Receipts gathered during an investigation of a former SNC-Lavalin executive show $30,000 in payments to Saadi Gadhafi for sexual services in Canada in 2008, La Presse reported. The documentation can now be revealed publicly because the prosecution of Stéphane Roy, former vice-president of SNC-Lavalin, on fraud and bribery charges was dropped last week due to court delays.
In 2008, Gadhafi was ostensibly travelling to Montreal and Toronto to conduct business and improve his English, at the invitation of SNC-Lavalin. He had helped the company secure billions in public contracts in Libya — thanks also to millions in bribes to Libyan officials, the RCMP has alleged — and visited Canada on three previous occasions. But he spent much of his time on other extracurricular pursuits, according to La Presse’s reporting.
For the duration of his stay, SNC-Lavalin hired Garda World, a Montreal-based company, to provide security for the dictator’s son, and they hired four bodyguards as contractors. That focus on security “degenerated,” a spokeswoman for the company, Isabelle Panelli, told the newspaper.
The bodyguards handled Gadhafi’s expenses and provided receipts to SNC-Lavalin, according to court testimony by an RCMP investigator. Transactions they wrote in as “companion services” in their expense reports would cost between $600 and $7,500 each. Close to $10,000 in services went to a single escort service in Vancouver. Other payments went to a Montreal strip club and covered events at the Air Canada Centre in Toronto, such as box seats for a Spice Girls concert.
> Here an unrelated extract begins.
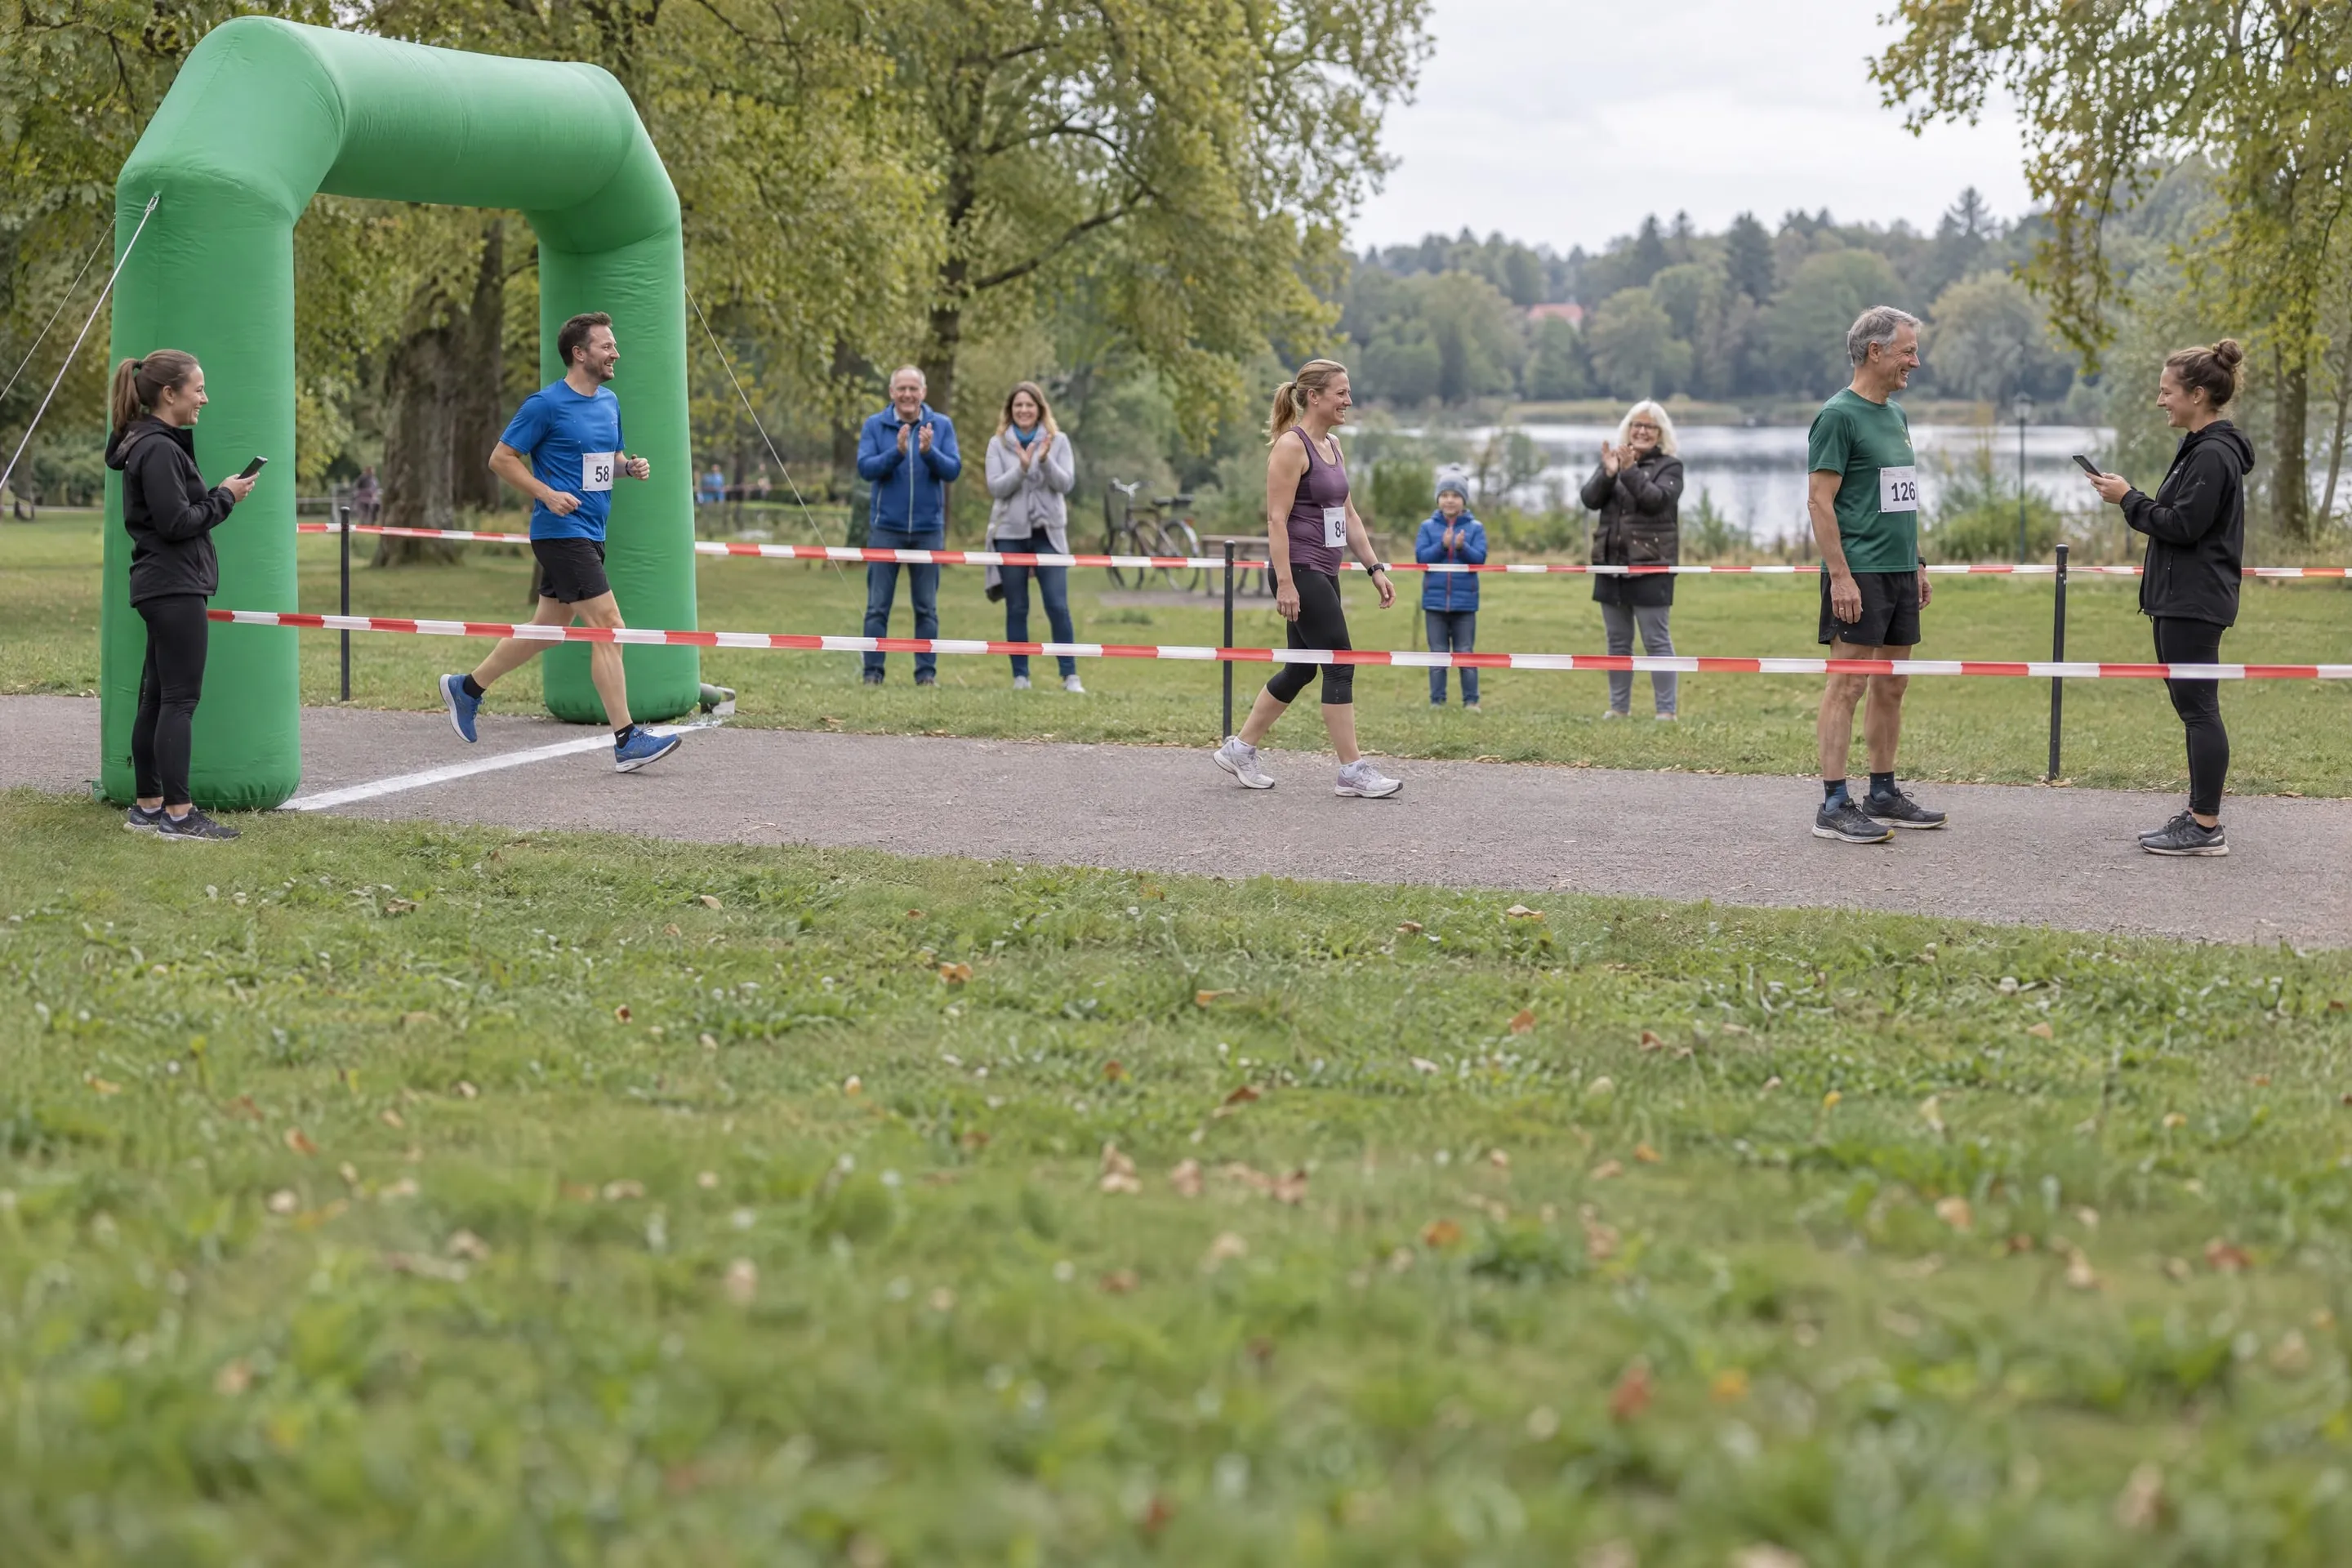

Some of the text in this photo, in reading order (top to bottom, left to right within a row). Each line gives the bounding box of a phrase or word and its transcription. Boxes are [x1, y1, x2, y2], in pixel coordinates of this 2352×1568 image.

[595, 466, 609, 483] 58
[1891, 481, 1916, 501] 126
[1334, 520, 1345, 538] 84
The SNC-Lavalin headquarters is seen in Montreal.
The investigation showed that SNC-Lavalin was writing off the expenses as associated with construction projects in Libya, La Presse reported, with the total bill for Gadhafi’s trip totalling nearly $2 million.
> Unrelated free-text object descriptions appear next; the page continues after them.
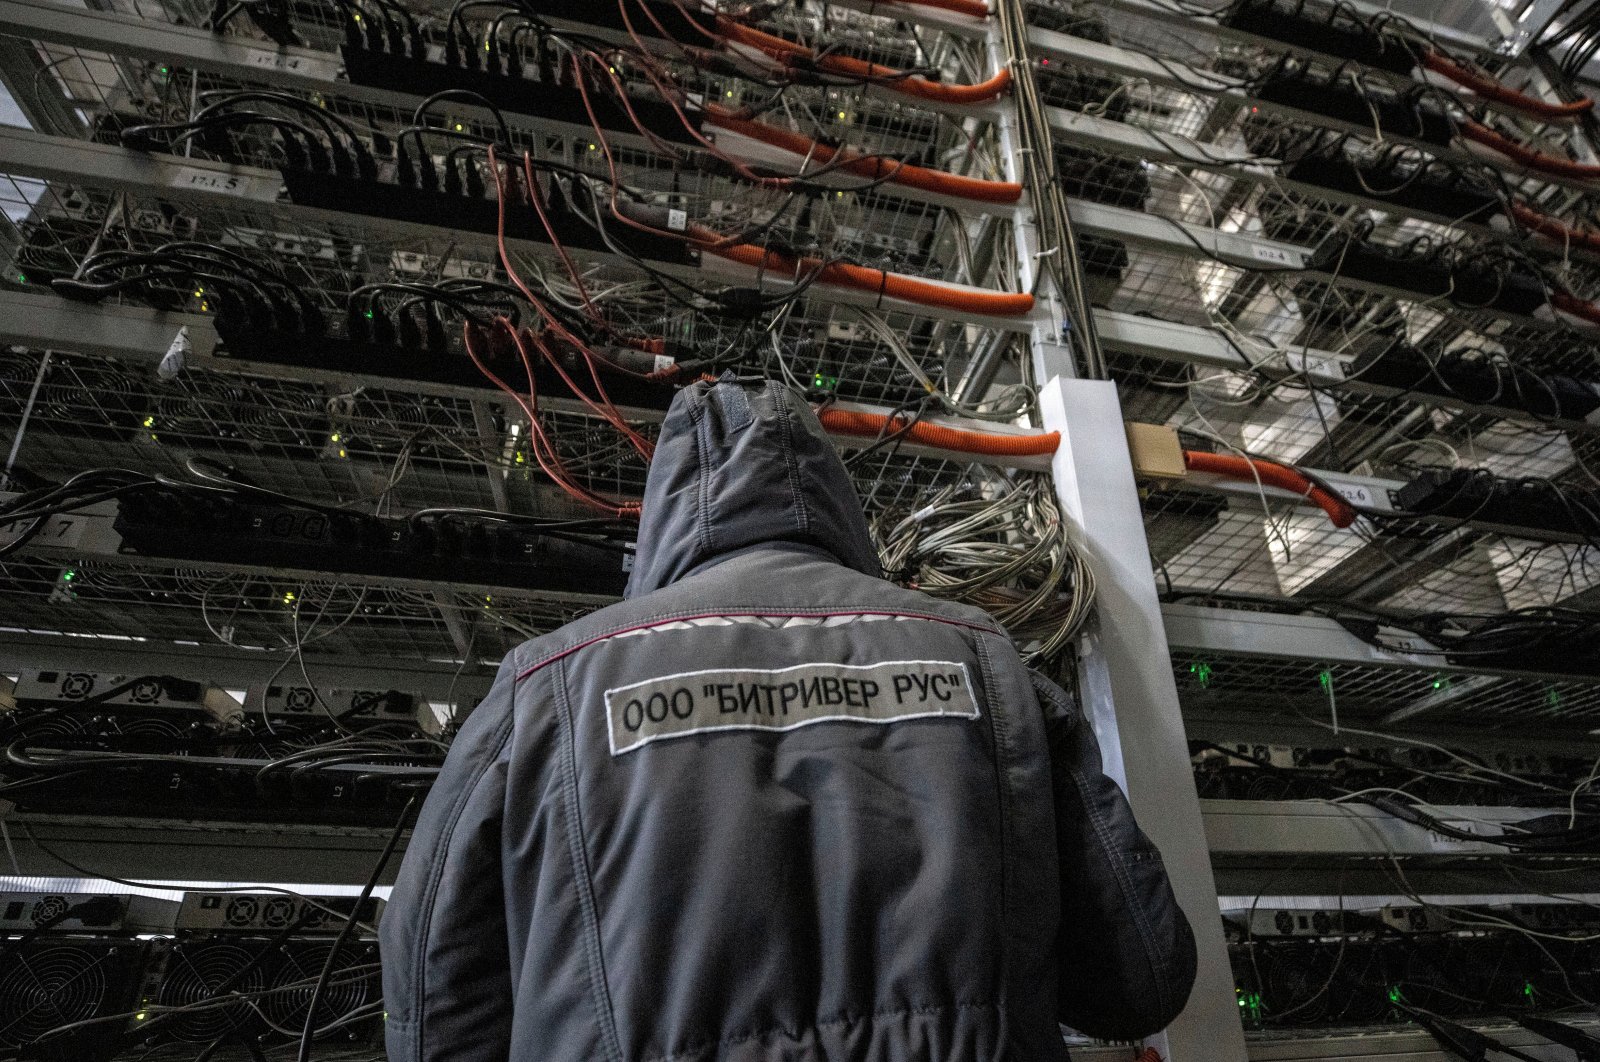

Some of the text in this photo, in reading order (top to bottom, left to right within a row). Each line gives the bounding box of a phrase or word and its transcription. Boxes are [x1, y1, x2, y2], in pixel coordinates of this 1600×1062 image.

[191, 175, 238, 190] 17.1.5
[252, 518, 262, 527] L3
[391, 531, 401, 541] L2
[523, 543, 533, 553] L1
[622, 672, 959, 732] ООО "БИТРИВЕР РУС"
[332, 785, 343, 797] L2
Roy had testified in court that expenses associated with the trip were justified, and that he had the receipts to prove it. The expenses were justified at the time, testified another former executive, Riadh Ben Aissa — who, meanwhile, pled guilty last year to a forgery charge associated with allegations that SNC-Lavalin executives defrauded the McGill University University Health Centre of $22.5 million in a bid-rigging scheme.
Panelli told La Presse that Garda World tried to intervene and stop the practice, but then lost the contract with SNC-Lavalin. She told the newspaper that most employees who were around then are no longer with the company.
Garda World told the National Post it had no comment to offer beyond the La Presse report, and a spokesman for SNC-Lavalin would only say: “We have no comment on this matter.”
The company has argued that its corporate culture is completely different now than it was a decade ago, and that its current senior executives were not involved in the alleged corruption.
SNC-Lavalin remains Canada’s biggest engineering firm, employing thousands of people across the country and particularly in Quebec. There, the provincial premier and much of the commentariat have argued that there would be good economic reasons for Prime Minister Justin Trudeau to ask an attorney general to help the company avoid criminal prosecution.
Good idea, as long as you don't have any integrity or expectation of corporate Canada actually following the law.
But then we should at least stop telling China that we are a nation of laws and there is no political interference in the judicial system. This is what Trudeau told China when Huawei's CFO was arrested, about the same time he was twisting our Attorney-General's are to intervene for SNC-Lavalin.